But my friends, you do not know what overshare means until today. For I got permission from my periodontist to publish the photos he took during my gum surgery. He was documenting it for some reason, and why not give you the ultimate bit of me? I may not spill my guts for you, but I will spill my gums.
This will all be behind a cut-tag, of course, and I'm not going to post these things on my usual Flickr stream lest I squick my friends - they'll be on TheFerrett.com, which is eerily appropriate, but is also blocked by some ISPs/work firewalls. And, of course, it will go behind the least-clicked cut tag in LJ history.
The short version, for those of you just tuning in: I had severe gum disease for a decade or so, but I didn't know it because my quack dentist as a child, beloved by the whole family, assured me that "Sometimes gums just bleed." (HINT: No, they don't. Not healthy gums.) By the time we discovered how far the trauma had gone, the gum disease had eroded the bone in my upper and lower palates to the point where the teeth were rocking in their sockets every time I bit down on something hard.
Yes, that's about as unnerving as you think it is.
So I had to have ten teeth extracted, eight of my front and two of my back - and there wasn't enough bone density to reseat anything. I could get a bridge of fake teeth, as many do, but a bridge spanning a four-tooth gap costs about $10,000 and breaks every ten to fifteen years. What I want is implants - which is to say tiny screws drilled into my jaw. But there isn't enough bone left to drill screws in, because they'd just break off and fall out.
The hope, now that we've arrested the disease through constant flossing and better cleaning, is that implanting additional bone into my upper jaw will give me enough of an anchor to properly seat an implant. And because I'm apparently an example of a case, the doc took photos.

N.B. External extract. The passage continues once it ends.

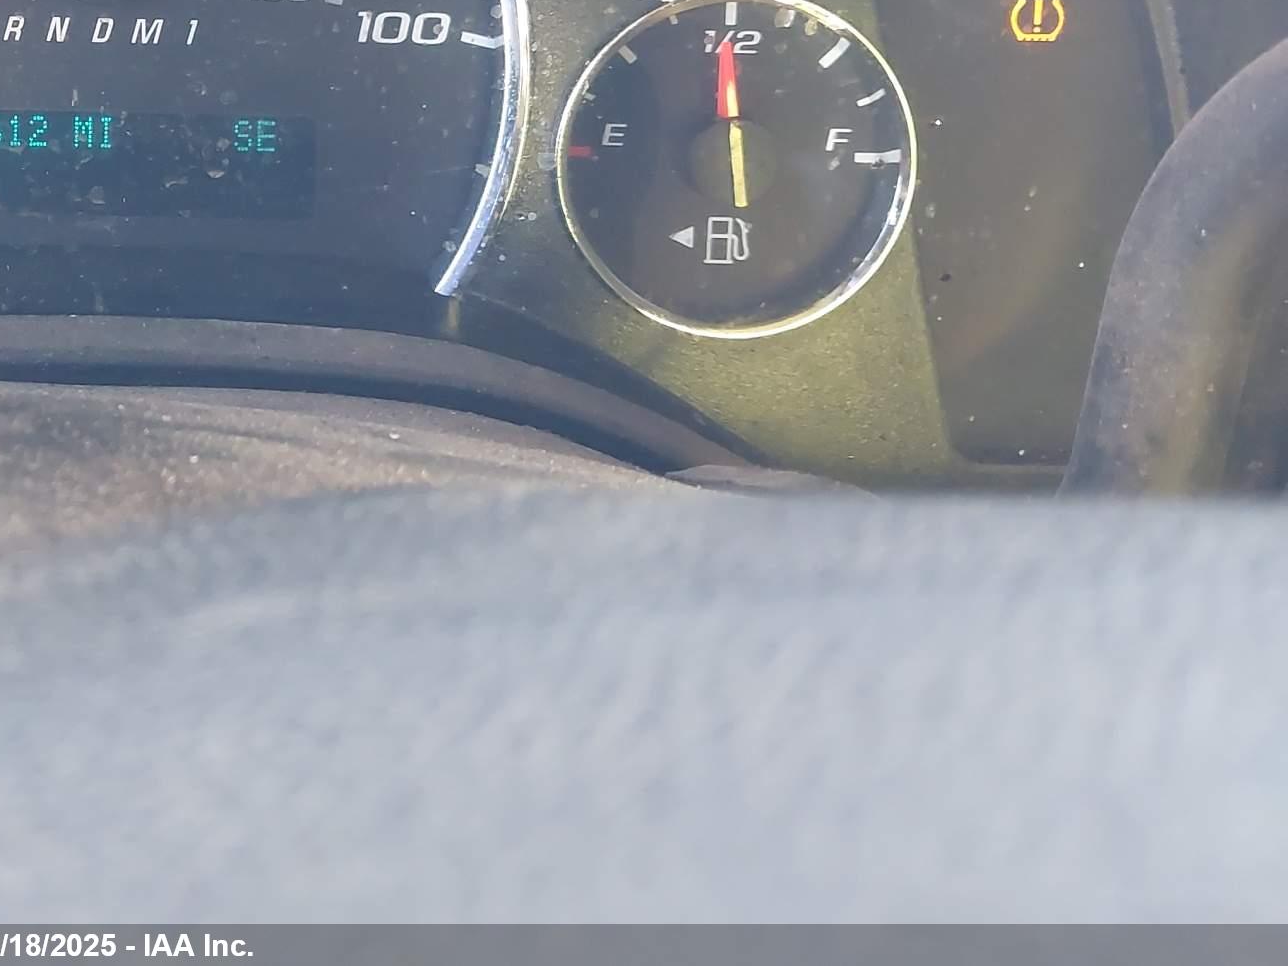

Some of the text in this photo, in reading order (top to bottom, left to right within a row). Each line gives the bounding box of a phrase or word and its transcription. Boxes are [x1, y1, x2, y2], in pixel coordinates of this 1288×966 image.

These were my gums, going in. In this photo, with the hair and the fangs, I look like Shelob mugging for the camera. And if you think this is unpleasant now, just wait a bit.
And here it is with the skin peeled back, revealing the tissue underneath. Now my gums have morphed from a spider-like thing to some sort of grunt unit in Starcraft. It is a little unnerving to realize that yes, even my mouth can be degloved.
The chisel is placed, and I assume this photo is to show exactly where the chisel should be placed, since he hasn't struck the mallet yet. (This is, incidentally, roughly when I woke up.) I do, however, have to appreciate how shiny the chisel is - look at the chrome polish on that sucker! This is clearly quality work.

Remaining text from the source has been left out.